Niyama1São as regras de conduta que se aplicam à disciplina individual, ao passo que yama é ilimitada em sua aplicação.

As cinco niyamas relacionadas por Patanjali são: saucha (pureza), santosha (contentamento), Tapas (ardor ou  austeridade, disciplina), svadhyaya (estudo do Eu) e Ishvara pranidhama (dedicação ao Senhor).

Saucha. A pureza do corpo é essencial ao bem-estar.  Enquanto bons hábitos como o banho purificam o corpo externamente, as asanas e o pranaiama limpam-no internamente. A prática das asanas tonifica todo o corpo e remove as toxinas e as impurezas causadas pelos excessos. O pranaiama limpa e ventila os pulmões, oxigena o sangue e purifica os nervos. Porém, mais importante que a limpeza física do corpo é a limpeza da mente de suas emoções perturbadoras como o ódio, a paixão, a ira, a luxúria, a cobiça, a ilusão e o orgulho. Ainda mais importante é a limpeza do intelecto (buddhi) de pensamentos impuros. As impurezas da mente são lavadas nas águas do bhakti (a devoção). As impurezas do intelecto ou da razão são queimadas no fogo de svadhyaya (estudo do Eu). Essa limpeza interior traz luz e alegria.

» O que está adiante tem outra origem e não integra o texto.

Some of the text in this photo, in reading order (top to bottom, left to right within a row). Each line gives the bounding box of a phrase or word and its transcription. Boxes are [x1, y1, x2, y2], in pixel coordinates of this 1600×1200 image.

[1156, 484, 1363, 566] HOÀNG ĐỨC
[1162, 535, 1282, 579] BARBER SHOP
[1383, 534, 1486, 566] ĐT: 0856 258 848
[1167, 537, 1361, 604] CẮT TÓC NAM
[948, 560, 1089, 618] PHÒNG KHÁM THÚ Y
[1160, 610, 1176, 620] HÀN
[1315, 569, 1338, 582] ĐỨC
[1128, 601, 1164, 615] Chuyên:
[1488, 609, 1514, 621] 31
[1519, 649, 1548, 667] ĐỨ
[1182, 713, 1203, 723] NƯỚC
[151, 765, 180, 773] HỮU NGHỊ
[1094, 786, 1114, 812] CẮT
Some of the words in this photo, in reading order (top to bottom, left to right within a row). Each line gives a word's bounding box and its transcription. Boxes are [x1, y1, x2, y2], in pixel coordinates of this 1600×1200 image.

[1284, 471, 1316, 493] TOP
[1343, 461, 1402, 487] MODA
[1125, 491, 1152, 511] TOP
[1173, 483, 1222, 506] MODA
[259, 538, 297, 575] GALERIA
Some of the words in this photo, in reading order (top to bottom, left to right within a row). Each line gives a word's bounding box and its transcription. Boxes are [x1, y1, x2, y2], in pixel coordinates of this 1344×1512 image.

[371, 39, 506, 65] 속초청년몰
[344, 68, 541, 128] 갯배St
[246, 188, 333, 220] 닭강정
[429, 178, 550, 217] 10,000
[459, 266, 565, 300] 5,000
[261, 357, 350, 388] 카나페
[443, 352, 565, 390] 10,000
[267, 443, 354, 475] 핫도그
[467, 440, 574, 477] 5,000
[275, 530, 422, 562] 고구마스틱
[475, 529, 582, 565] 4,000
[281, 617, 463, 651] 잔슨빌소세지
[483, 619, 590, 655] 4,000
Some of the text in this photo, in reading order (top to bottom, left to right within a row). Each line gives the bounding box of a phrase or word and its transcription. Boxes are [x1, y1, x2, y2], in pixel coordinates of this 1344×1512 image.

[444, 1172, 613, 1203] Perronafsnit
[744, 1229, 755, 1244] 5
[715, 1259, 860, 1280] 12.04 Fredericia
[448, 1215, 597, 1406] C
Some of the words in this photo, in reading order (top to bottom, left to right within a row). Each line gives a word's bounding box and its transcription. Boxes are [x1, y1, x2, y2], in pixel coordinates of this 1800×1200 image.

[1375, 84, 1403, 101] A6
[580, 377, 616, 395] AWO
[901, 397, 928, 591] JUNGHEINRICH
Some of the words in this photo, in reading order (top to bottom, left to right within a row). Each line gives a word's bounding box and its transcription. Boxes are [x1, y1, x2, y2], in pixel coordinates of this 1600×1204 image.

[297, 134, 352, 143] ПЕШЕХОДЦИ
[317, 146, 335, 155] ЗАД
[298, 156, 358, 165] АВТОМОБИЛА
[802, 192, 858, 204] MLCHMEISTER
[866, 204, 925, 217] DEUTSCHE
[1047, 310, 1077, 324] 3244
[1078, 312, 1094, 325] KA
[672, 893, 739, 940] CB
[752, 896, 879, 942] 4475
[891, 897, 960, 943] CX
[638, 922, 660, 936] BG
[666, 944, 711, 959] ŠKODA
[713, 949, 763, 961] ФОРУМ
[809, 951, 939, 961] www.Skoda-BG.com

Santosha - Santosha, ou contentamento, é algo que precisa ser cultivado. Uma mente descontente não pode se concentrar . O iogue não sente falta de nada, portanto, é uma pessoa naturalmente contente. O contentamento dá ao iogue uma bem-aventurança insuperável. Um homem contente é um ser completo, pois conheceu o amor do Senhor e cumpriu seu dever. É bem-aventurado por ter conhecido a verdade é a alegria . O contentamento e a tranquilidade são estados de espírito. As disputas originam-se entre os homes por motivos raciais de credo, riqueza e conhecimento. As disputas criam a discórdia, dando origem a conflitos conscientes ou inconscientes que distraem e causam perplexidade. Então a mente não se concentra num só ponto (ekagra) e é roubada em sua paz . O contentamento e a tranquilidade ocorrem quando a chama do espírito não tremula ao vento do desejo. O sadhaka não procura a paz vazia do cadáver, mas a paz de quem tem a razão firmemente enraizada com Deus.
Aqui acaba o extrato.